● **EXERCISE GOAL**:
Could you retype the records below exactly as they appear, skipping any pictures?

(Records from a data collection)
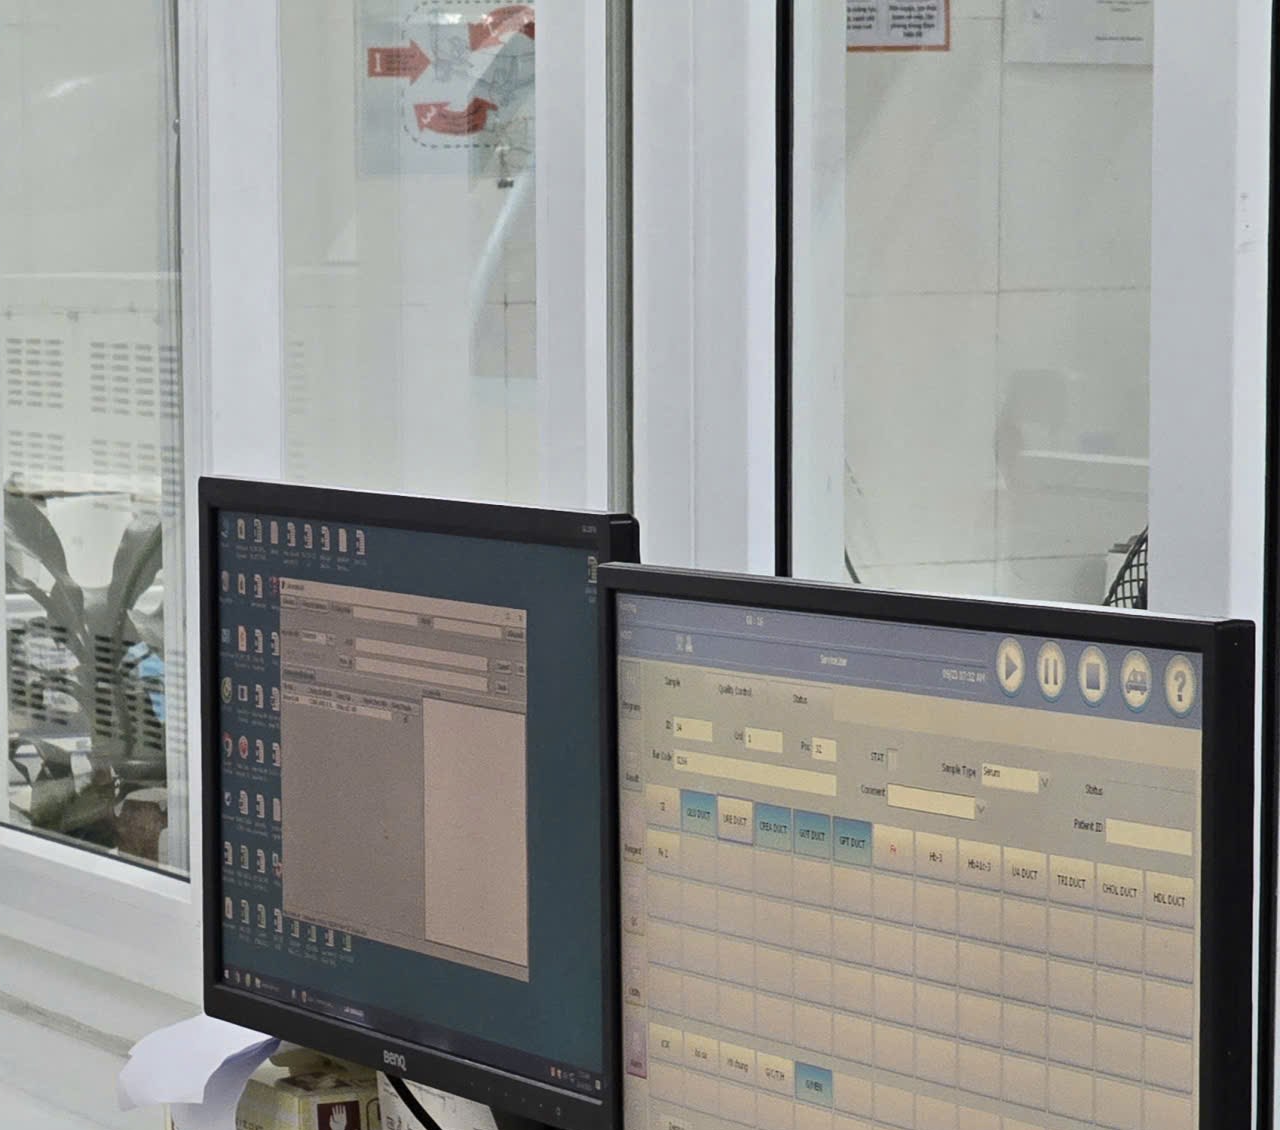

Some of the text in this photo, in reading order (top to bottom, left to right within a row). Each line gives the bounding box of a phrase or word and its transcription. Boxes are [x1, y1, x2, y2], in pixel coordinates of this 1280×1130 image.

[962, 765, 977, 778] Type
[734, 815, 748, 827] DUCT
[774, 824, 788, 835] DUCT
[811, 830, 826, 842] DUCT
[851, 838, 866, 850] DUCT
[1069, 877, 1087, 889] DUCT
[1120, 886, 1138, 898] DUCT
[1167, 896, 1186, 908] DUCT
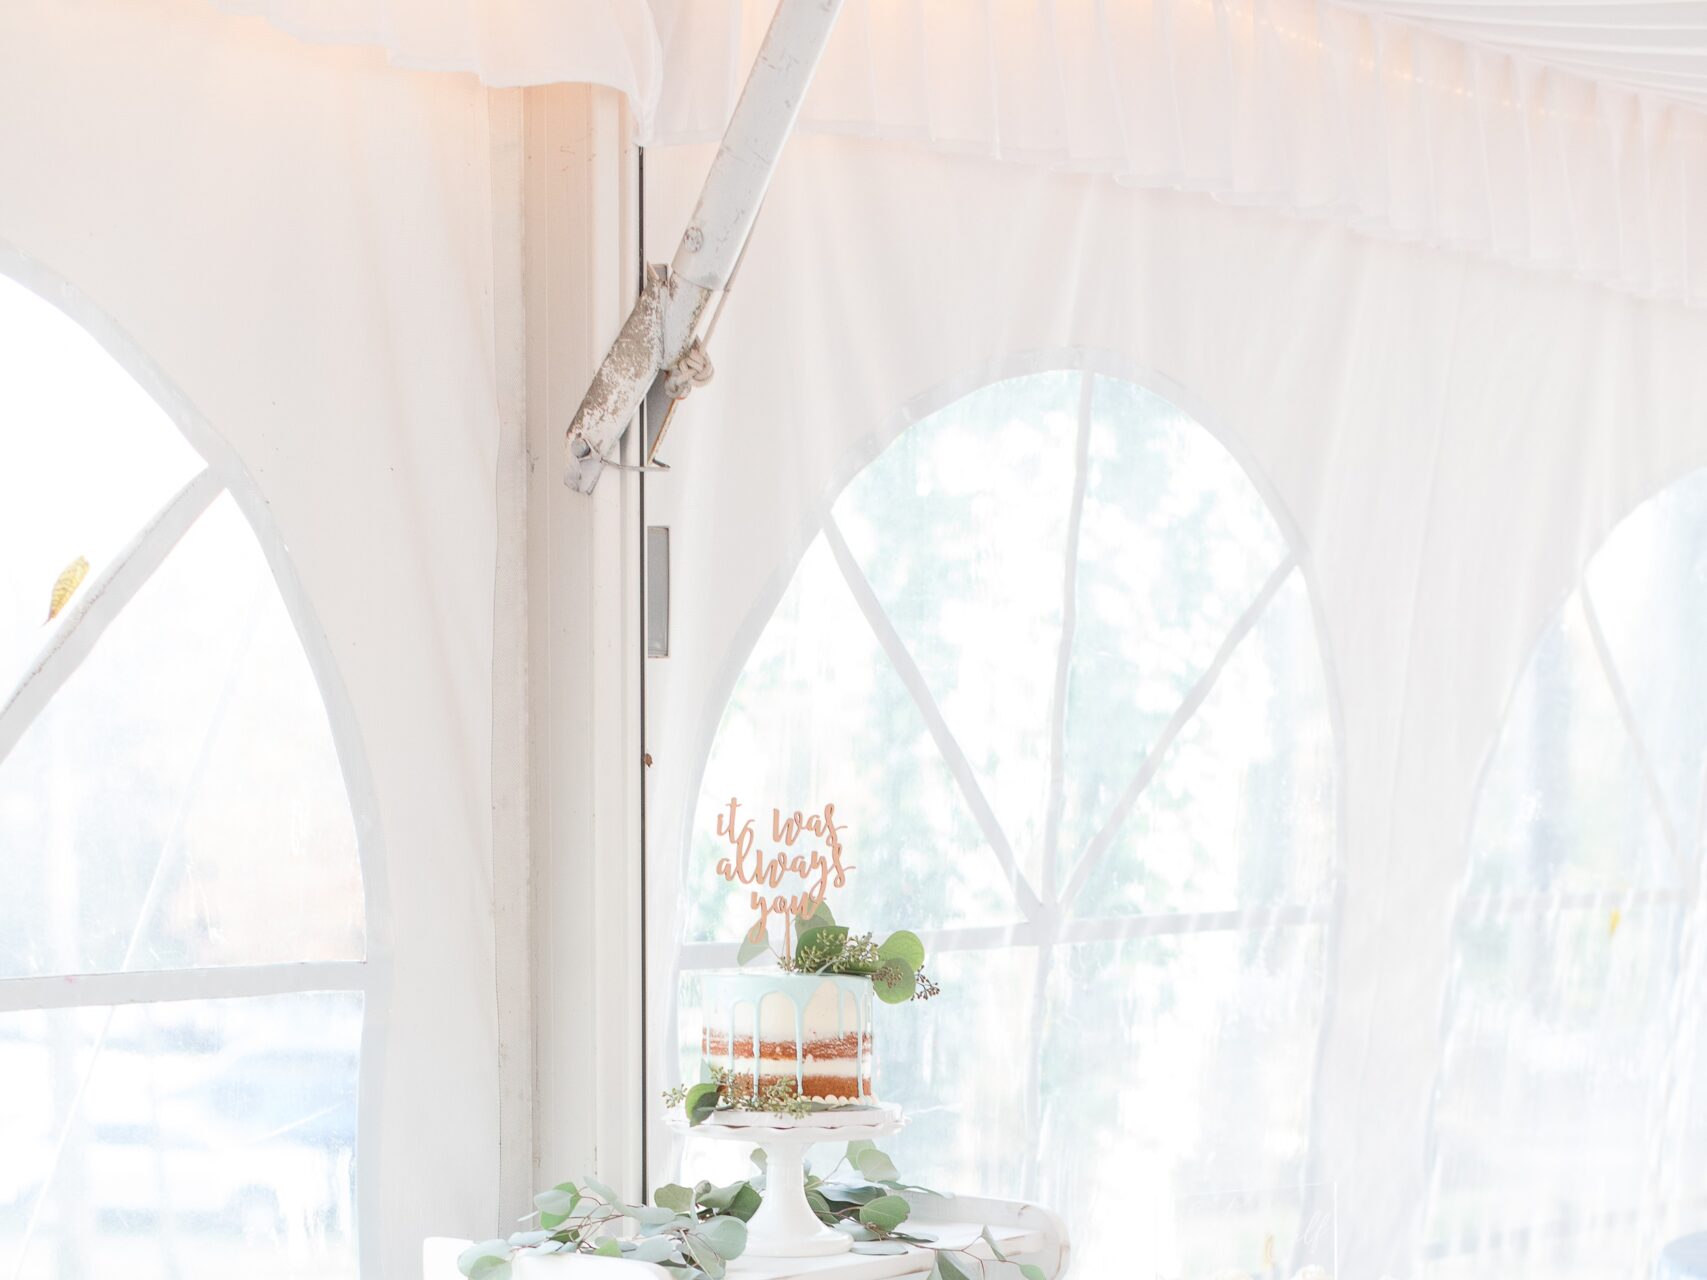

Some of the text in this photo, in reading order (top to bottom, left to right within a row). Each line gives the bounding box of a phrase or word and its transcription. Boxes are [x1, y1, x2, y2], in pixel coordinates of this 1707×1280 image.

[717, 797, 848, 847] it was
[716, 819, 856, 902] always
[748, 890, 826, 944] you

● **YOUR SOLUTION**:
Some of the text in this photo, in reading order (top to bottom, left to right within a row). Each line gives the bounding box of a phrase or word and its transcription. Boxes are [x1, y1, x2, y2], in pixel coordinates of this 1280×1130 image.

[962, 765, 977, 778] Type
[734, 815, 748, 827] DUCT
[774, 824, 788, 835] DUCT
[811, 830, 826, 842] DUCT
[851, 838, 866, 850] DUCT
[1069, 877, 1087, 889] DUCT
[1120, 886, 1138, 898] DUCT
[1167, 896, 1186, 908] DUCT

Some of the text in this photo, in reading order (top to bottom, left to right within a row). Each line gives the bounding box of a phrase or word and its transcription. Boxes are [x1, y1, x2, y2], in pixel coordinates of this 1707×1280 image.

[717, 797, 848, 847] it was
[716, 819, 856, 902] always
[748, 890, 826, 944] you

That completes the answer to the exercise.